We made an evening march to a river-bed, choked with dense, evergreen jungle and some high trees hung with rope-like creepers, and our guide, going into the thickest of this to look for water, started a cow rhinoceros and calf. He came running back to us shouting, “Wiyil, wiyil” (Rhinoceros), while the mother and her young one galloped out on the farther side of the jungle with a crash, and took away over the low stony hills. By the time I could get possession of my big rifle and run after them, they were seen quite a thousand yards away disappearing round the shoulder of a rocky, thorn-covered hill, and running up to this spot a few minutes later I was unable to sight them again, and the ground being unsuitable for tracking we lost them.

We made three more marches to Durhi; and I came upon the tracks of a herd of zebras an hour before pitching camp there on the 17th. Here we found several karias of the Malingúr Ogádén. The first people we saw were a group standing round an open grave; and on inquiring we found they were burying the body of a young woman who had been torn out of a hut from among several of her sleeping friends on the night before by a man-eating lion.

These people had never seen one of my countrymen before, but on hearing I was Ingrés (English) they ran at me, calling out that I must shoot the lion and drive away the Amhára. I was led some miles into the bush to the west, where I found a party of the Malingúr following the lion, armed with their spears; but the tracks led on to very stony and thorny hills, and my guides being either unable or unwilling to keep them, we gave it up and I returned to camp, which had been pitched between two large karias. We had a severe thunder-storm at night; a lion walked round my tent during the storm, as we saw next morning by his tracks in the mud only five yards away from the head of my bed!

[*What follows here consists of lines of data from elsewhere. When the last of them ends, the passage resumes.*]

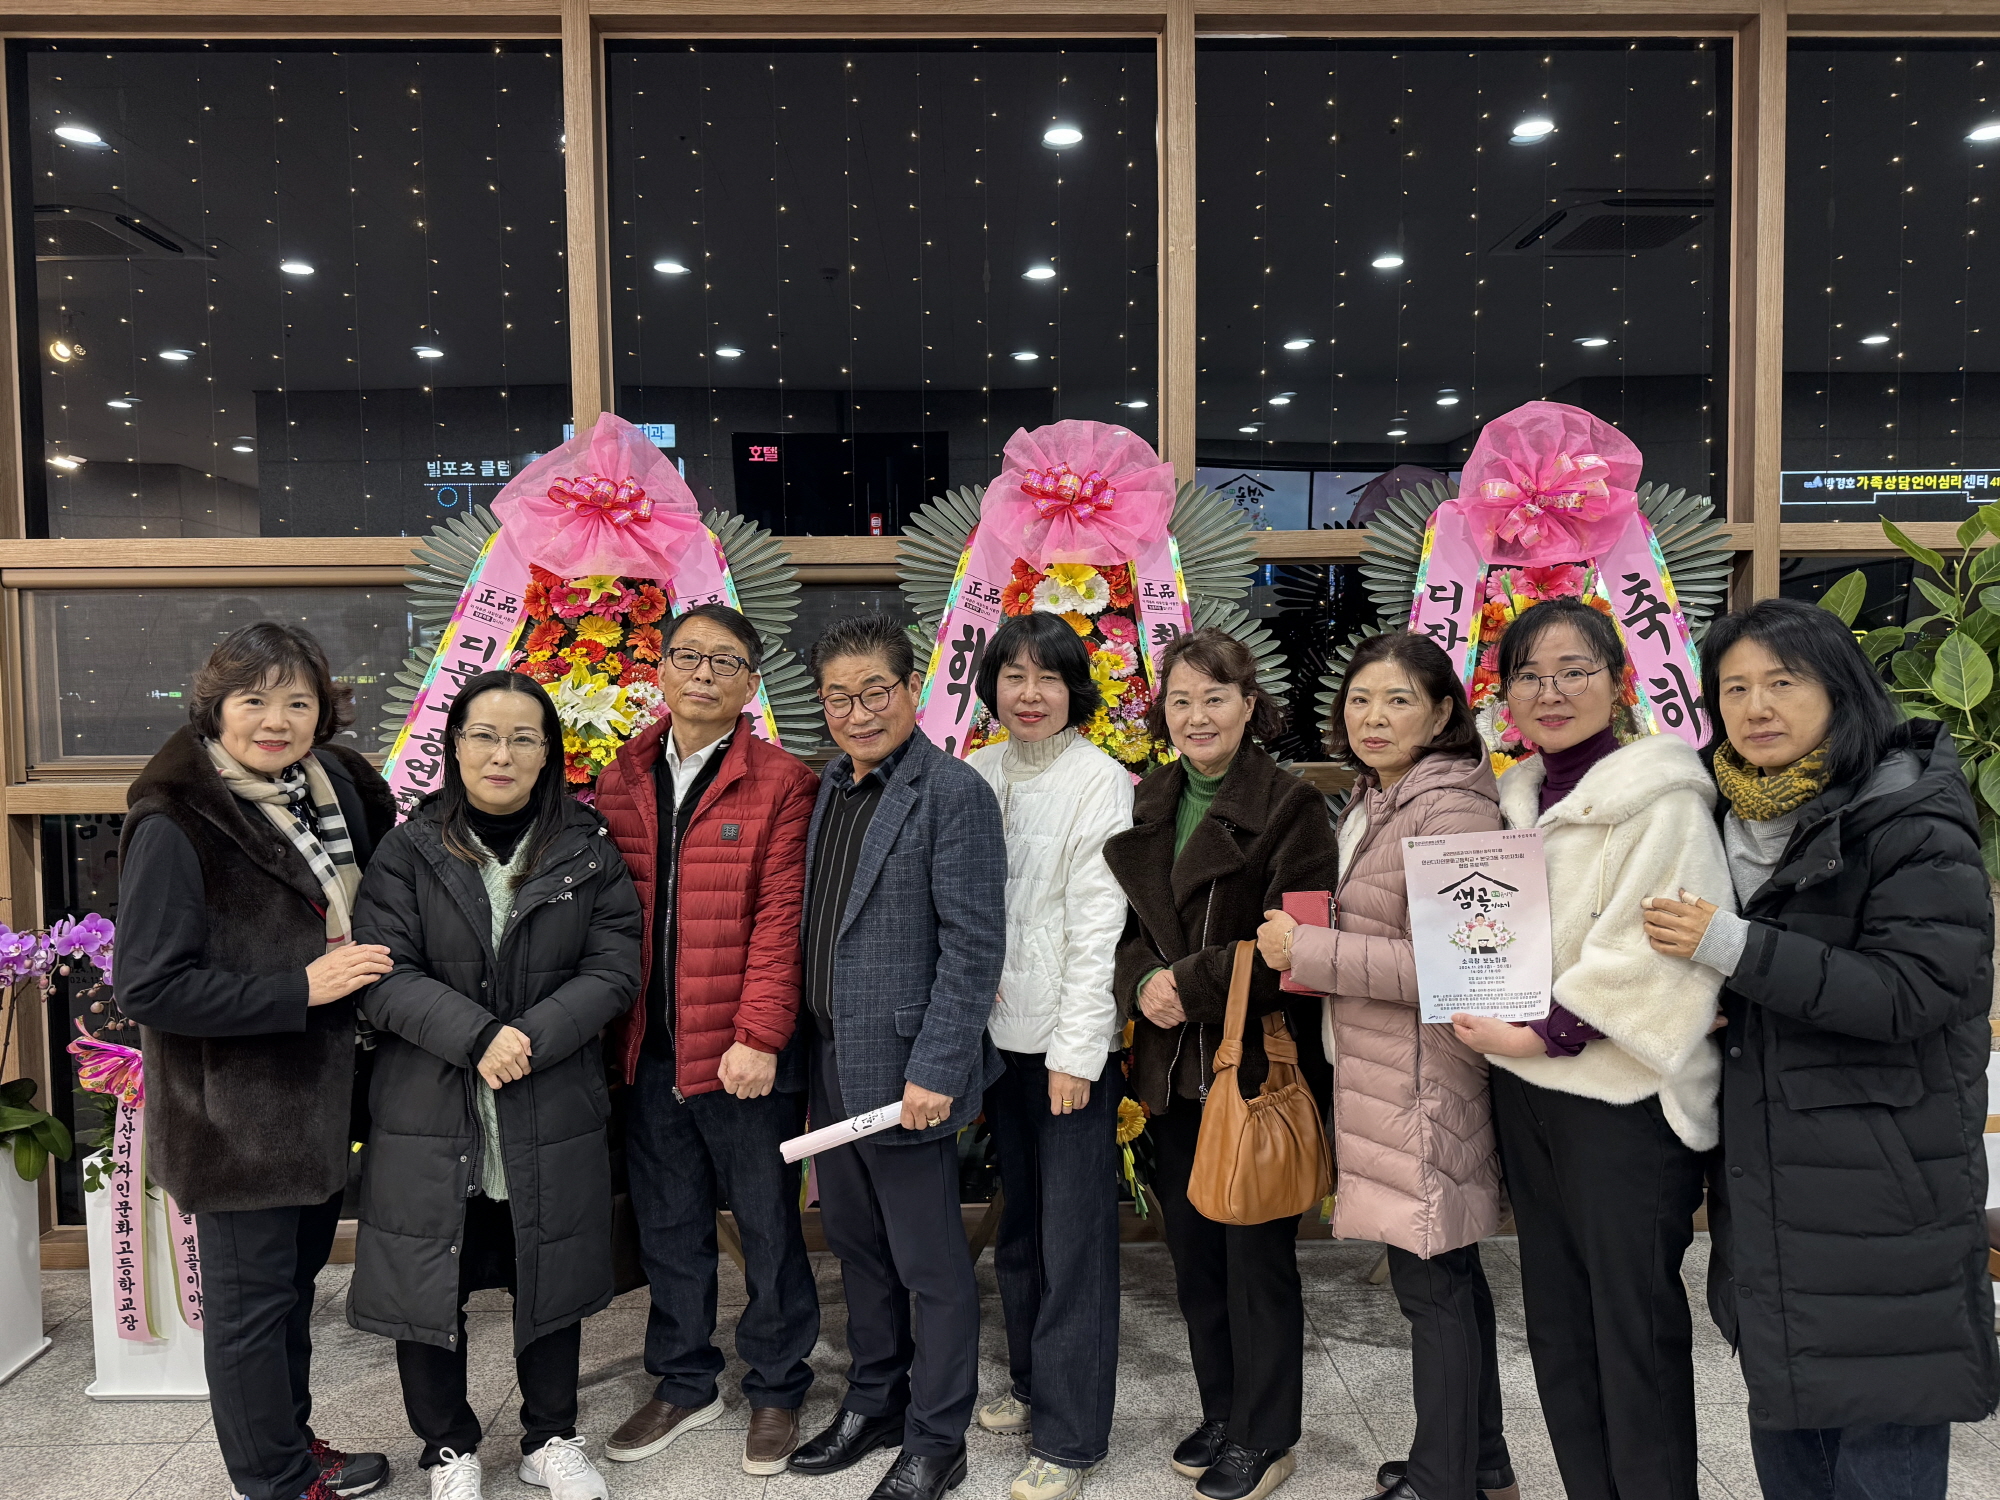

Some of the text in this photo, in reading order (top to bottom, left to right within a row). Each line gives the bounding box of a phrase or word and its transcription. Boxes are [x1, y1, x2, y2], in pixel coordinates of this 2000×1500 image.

[748, 445, 778, 462] 호텔
[426, 460, 476, 478] 빌포츠
[474, 588, 518, 614] 正品
[964, 581, 1002, 605] 正品
[1142, 582, 1175, 599] 正品
[1621, 572, 1705, 742] 축하
[1453, 886, 1491, 913] 샘골
[1491, 901, 1510, 909] 이야기
[114, 1104, 139, 1333] 안산디자인문화고등학교장
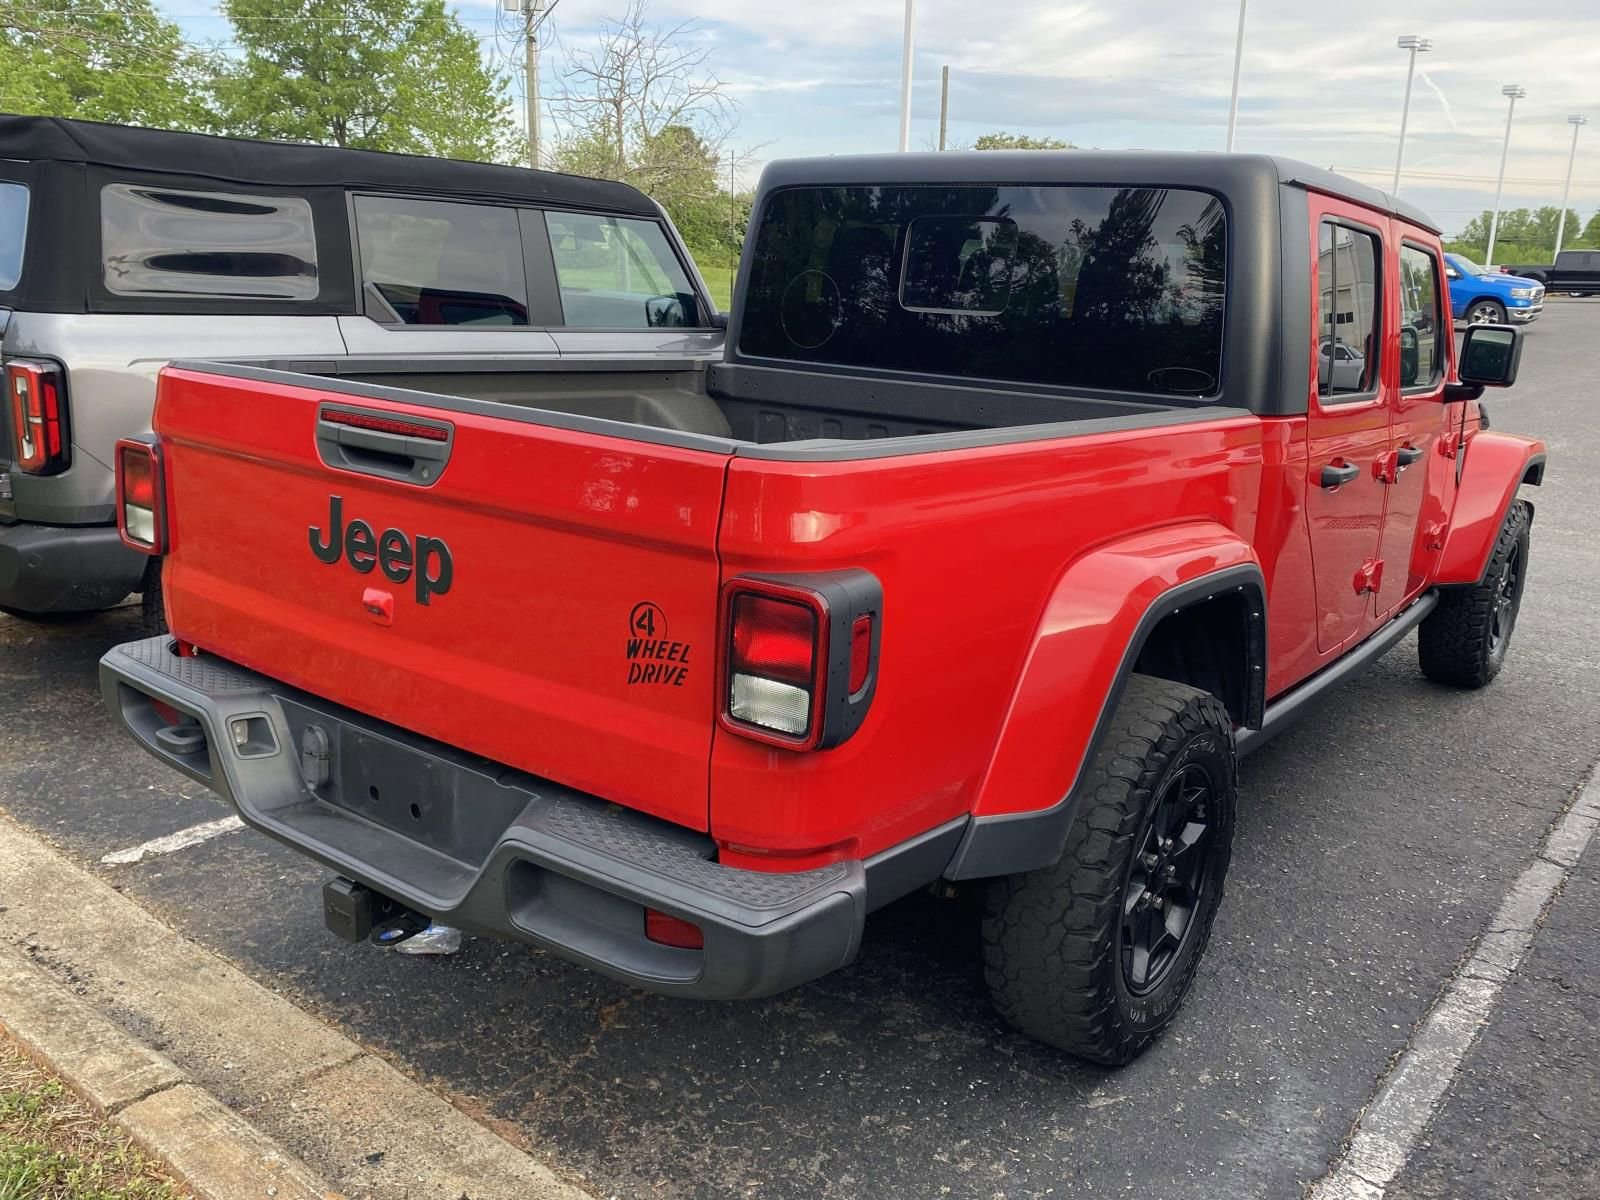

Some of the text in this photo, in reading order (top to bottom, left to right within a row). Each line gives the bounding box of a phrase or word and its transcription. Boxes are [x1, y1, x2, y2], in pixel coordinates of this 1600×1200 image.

[308, 494, 453, 606] Jeep
[635, 607, 656, 638] 4
[626, 638, 691, 664] WHEEL
[627, 662, 689, 686] DRIVE
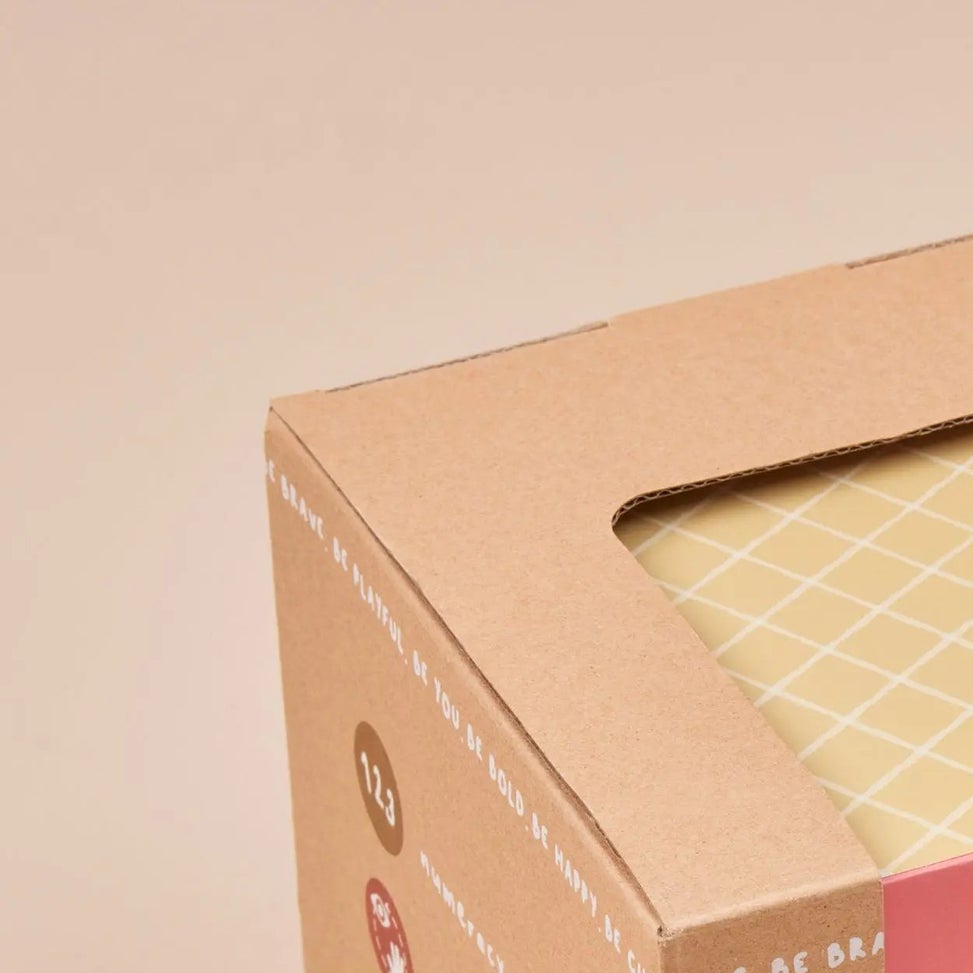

On the following day I went out and shot two Grevy’s zebras, the meat of which my men finished. We also saw tracks of another lion.

Next day I shot another zebra, the flesh of which I gave to the Malingúr. I tied up a camel at night, intending to sit out for a lion, but owing to the rain I had to abandon the idea; and when we went to the camel at midnight, we found it had been killed by hyænas, an enormous number of which haunted the outskirts of the karias.

While I was encamped at Durhi the Malingúr told me that their chief, Umr Ugaz, had gone to Harar to make a compact with Rás Makunan, agreeing to pay regular tribute and to acknowledge his sovereignty. The Malingúr, although demonstrative in their first welcome to me, afterwards became very reserved, because they feared that civility to Europeans might get them into trouble with the Abyssinians. They are in the line of Abyssinian invasion eastward along the Fáfan Valley, and have been utterly cowed. Having been deprived of most of their horses their fighting power is much reduced.